Cuando ya nos estaba subiendo el azúcar de tanta balada seguida, el grupo se lanzó en la instrumental “The Journey (Revelation)”, perteneciente al nuevo disco, que es simplemente un largo solo de guitarra de Neal Schon con el acompañamiento del resto de la banda. Al término, Arnel Pineda volvió a escena en una carrera, con una chaqueta encima de la camisa empapada en sudor, y es que con el calor que hacía en la sala podría haberse dado un respiro y quitarse alguna capa… El tema es que retomó el micro para lanzarse con “Escape” y “Only The Young” mientras recogía y mostraba orgulloso una bandera de Filipinas que recogió de las primeras filas.
Unas notas inconfundibles al piano de Jonathan Cain casi hacen que la sala se viniera abajo. “Faithfully” fue recibida con una ovación y sonó inmensa, con todo el público cantando todo el tema, en especial la parte final de los ohohohoh… Sin duda uno de los momentos más emocionantes de la noche.
No podemos decir lo mismo de “Wildest Dream”, otro de los temas nuevos, cuyo comienzo estuvo algo deslavazado, aunque a mitad del tema ya le cogieron el pulso, ganando mucha fuerza y terminando con un solo pletórico de Neal Schon.
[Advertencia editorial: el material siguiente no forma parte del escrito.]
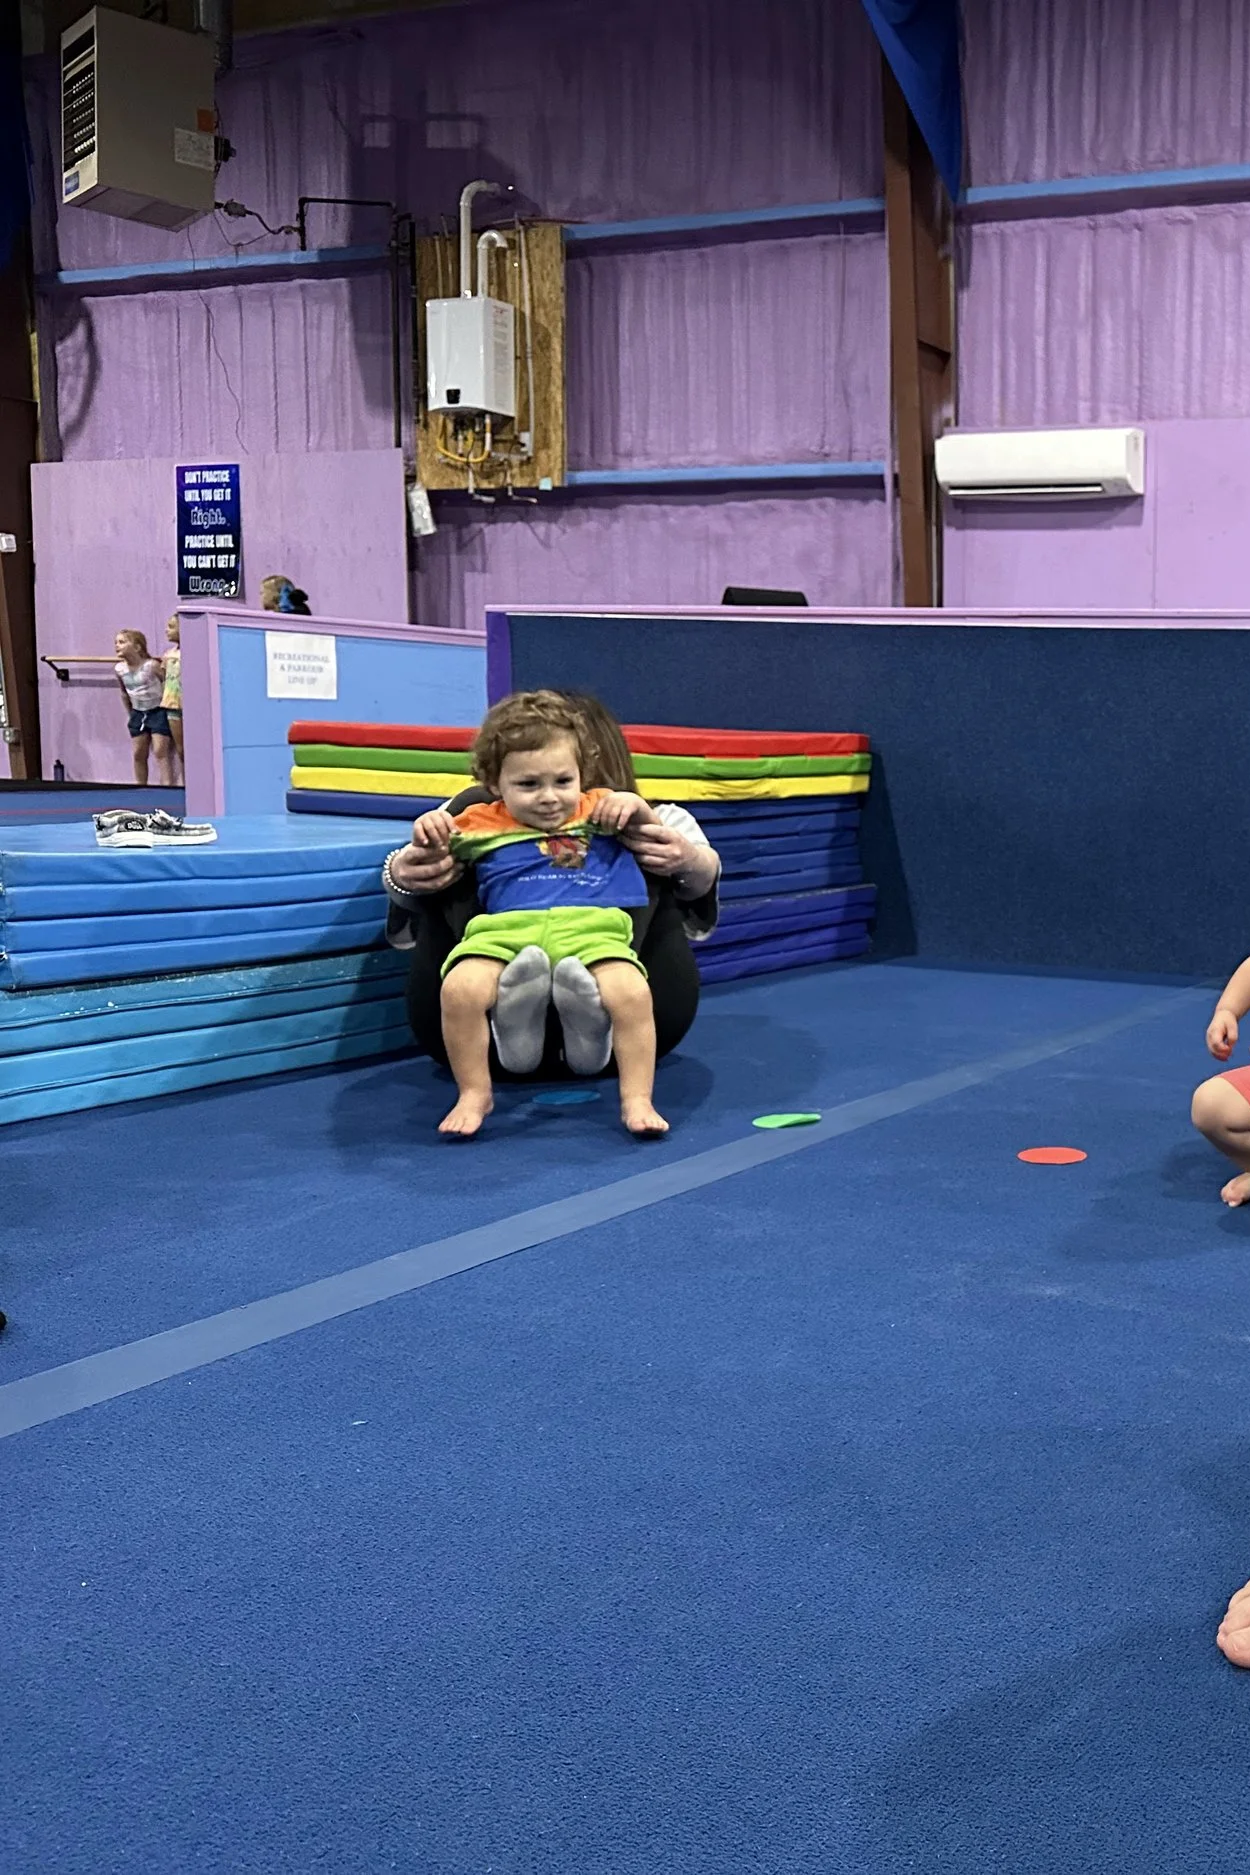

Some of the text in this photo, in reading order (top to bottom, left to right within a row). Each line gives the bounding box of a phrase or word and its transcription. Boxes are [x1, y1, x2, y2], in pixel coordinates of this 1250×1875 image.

[185, 470, 230, 483] DON'T PRACTICE
[184, 488, 231, 502] UNTIL YOU GET IT
[185, 534, 234, 548] PRACTICE UNTIL
[183, 554, 236, 568] YOU CAN'T GET IT
[273, 652, 330, 662] RECREATIONAL
De ahí al final, el delirio: “Don´t Stop Believing” y “Anyway You Want It”, dos de los hits más reconocidos del grupo, nos llevaron hasta el final del concierto con todo el público dejándose la garganta en este final espectacular.
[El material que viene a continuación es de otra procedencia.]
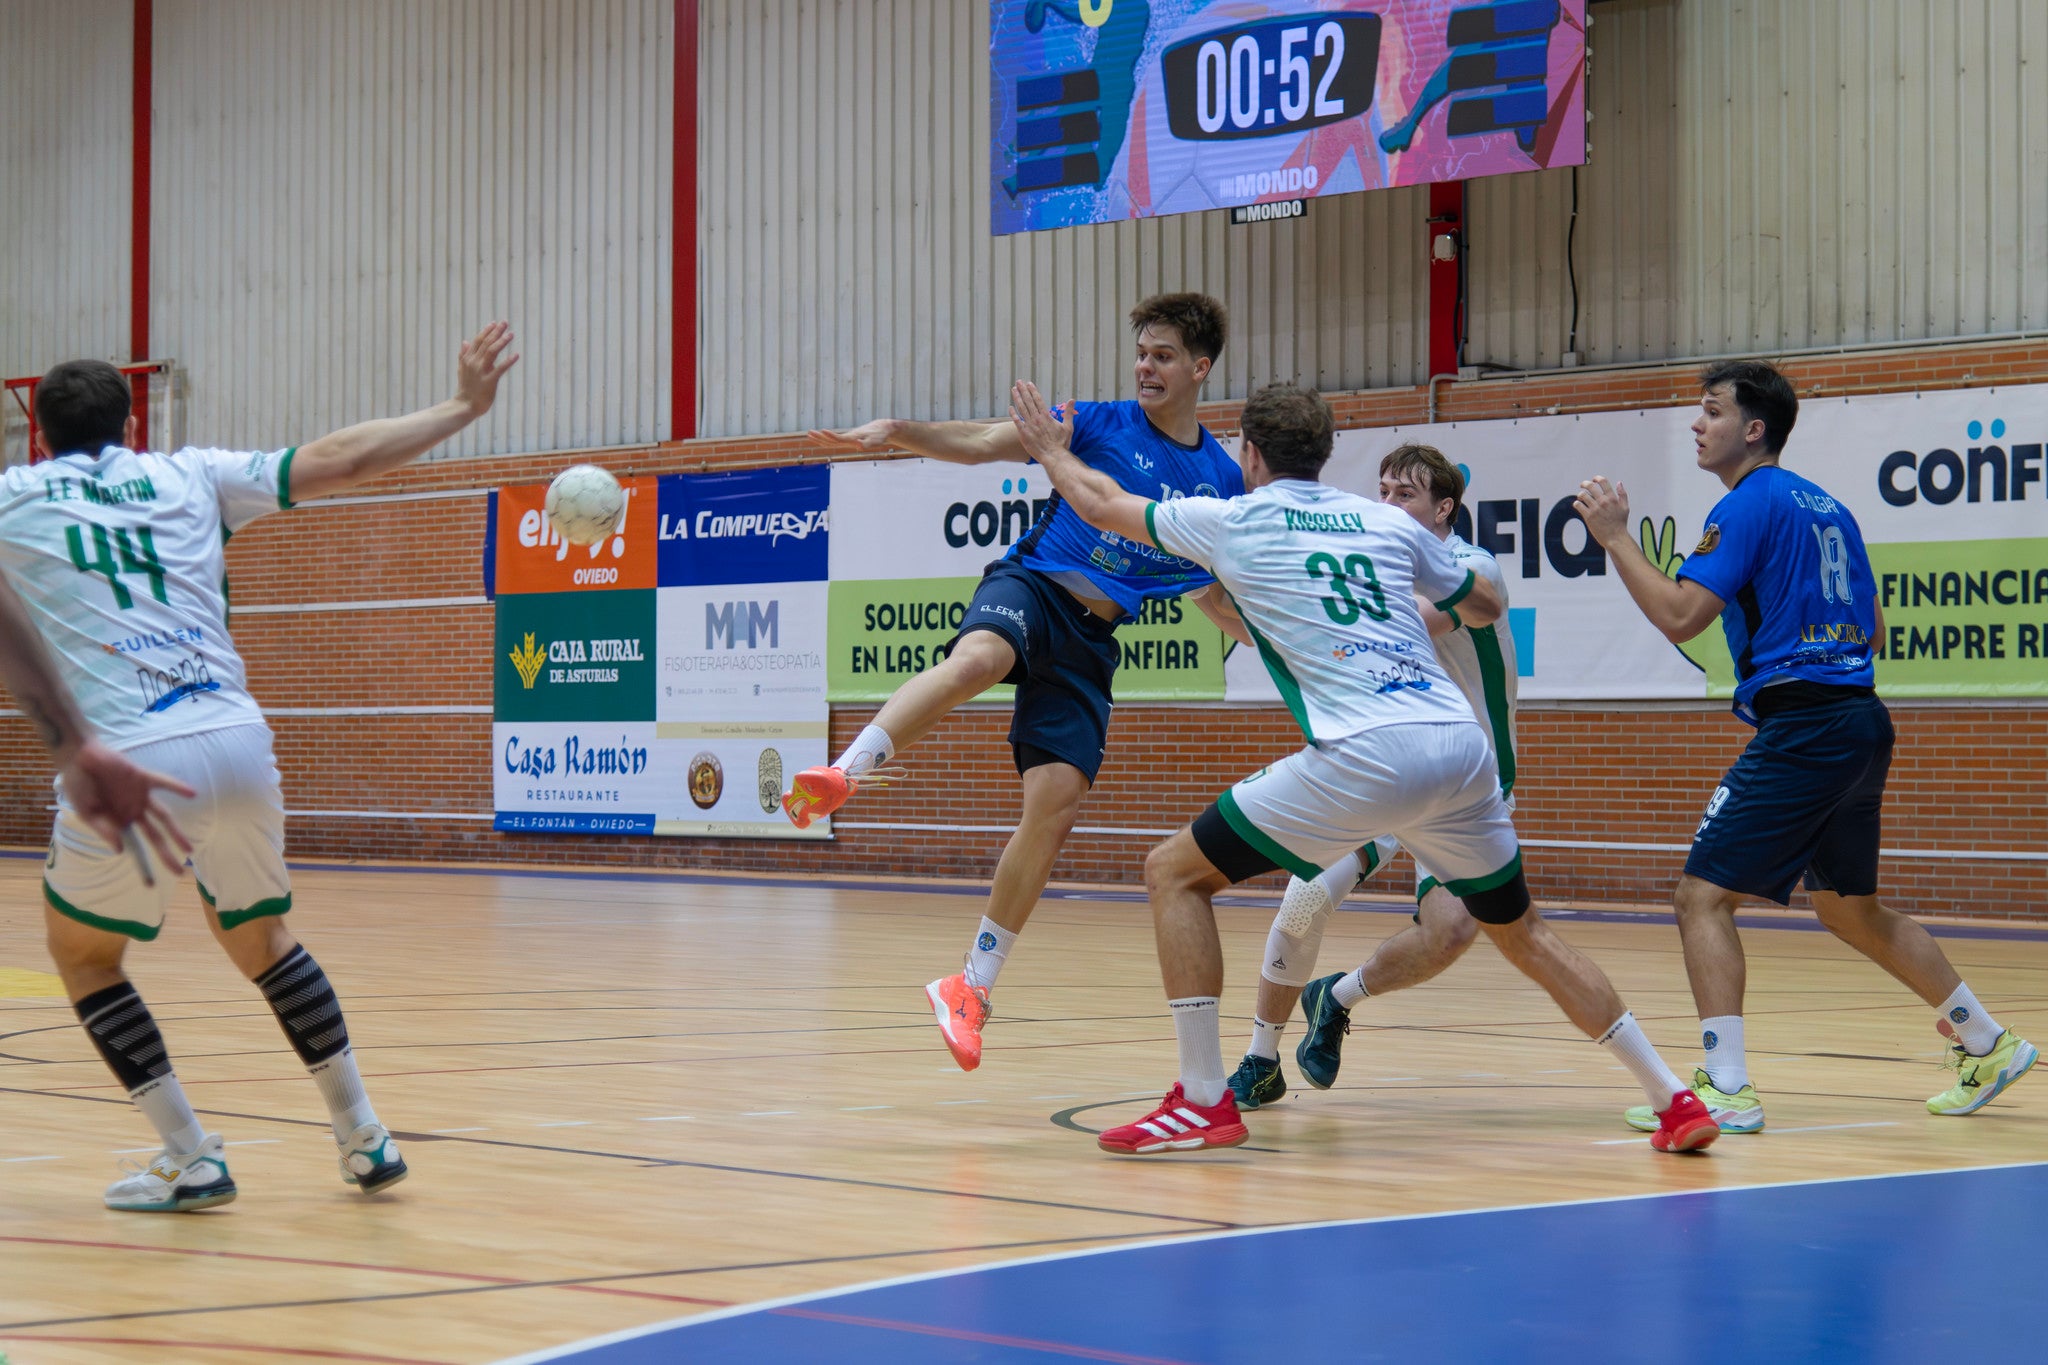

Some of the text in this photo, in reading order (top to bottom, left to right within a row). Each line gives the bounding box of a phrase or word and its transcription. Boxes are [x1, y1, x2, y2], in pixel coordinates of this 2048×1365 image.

[1196, 21, 1346, 134] 00:52
[1236, 165, 1318, 197] MONDO
[1246, 200, 1302, 222] MONDO
[659, 514, 688, 541] LA
[64, 522, 170, 611] 44
[573, 567, 618, 585] OVIEDO
[1305, 552, 1392, 625] 33
[550, 636, 644, 663] CAJA RURAL
[852, 646, 878, 673] EN
[885, 645, 926, 673] LAS
[550, 668, 618, 683] DE ASTURIAS
[505, 736, 557, 780] Casa
[565, 734, 648, 779] Ramón
[526, 788, 620, 802] RESTAURANTE
[514, 815, 636, 830] EL FONTÁN OVIEDO
La banda se despidió para volver pronto a hacer el obligado bis. Para mi sorpresa, el tema elegido fue “Be Good To Yourself”, tras el que se volvieron a despedir. Yo suponía que volverían a salir, y no tenía ninguna duda del tema que les quedaba en el bolsillo. Y acerté, porque una larga introducción blusera, incluyendo un curioso pasaje de Jonathan Cain con una armónica, dio paso a una versión muy extendida de “Lovin’, Touchin’, Squeezin’”, alargada instrumentalmente con varios solos alternos de los teclados de Jonathan Cain y la guitarra de Neal Schon.
Y así se despidieron, tras una hora y tres cuartos que nos dejaron muy satisfechos. Un comentario generalizado daba mejores sensaciones al concierto que ofrecieron el pasado año, aunque posiblemente esta sensación estuviera condicionada por ser aquella la primera vez que los veíamos sobre un escenario. Sea como fuere, Journey demostraron estar en plena forma, totalmente capaces de recrear las sensaciones de su época gloriosa. Sobre Arnel Pineda, se despejaron todas las dudas sobre su idoneidad al frente de la banda, ya que su voz no desfalleció en un solo momento, y su timbre de voz tan parecido al de Steve Perry le permite adaptarse a los temas clásicos con mucha facilidad.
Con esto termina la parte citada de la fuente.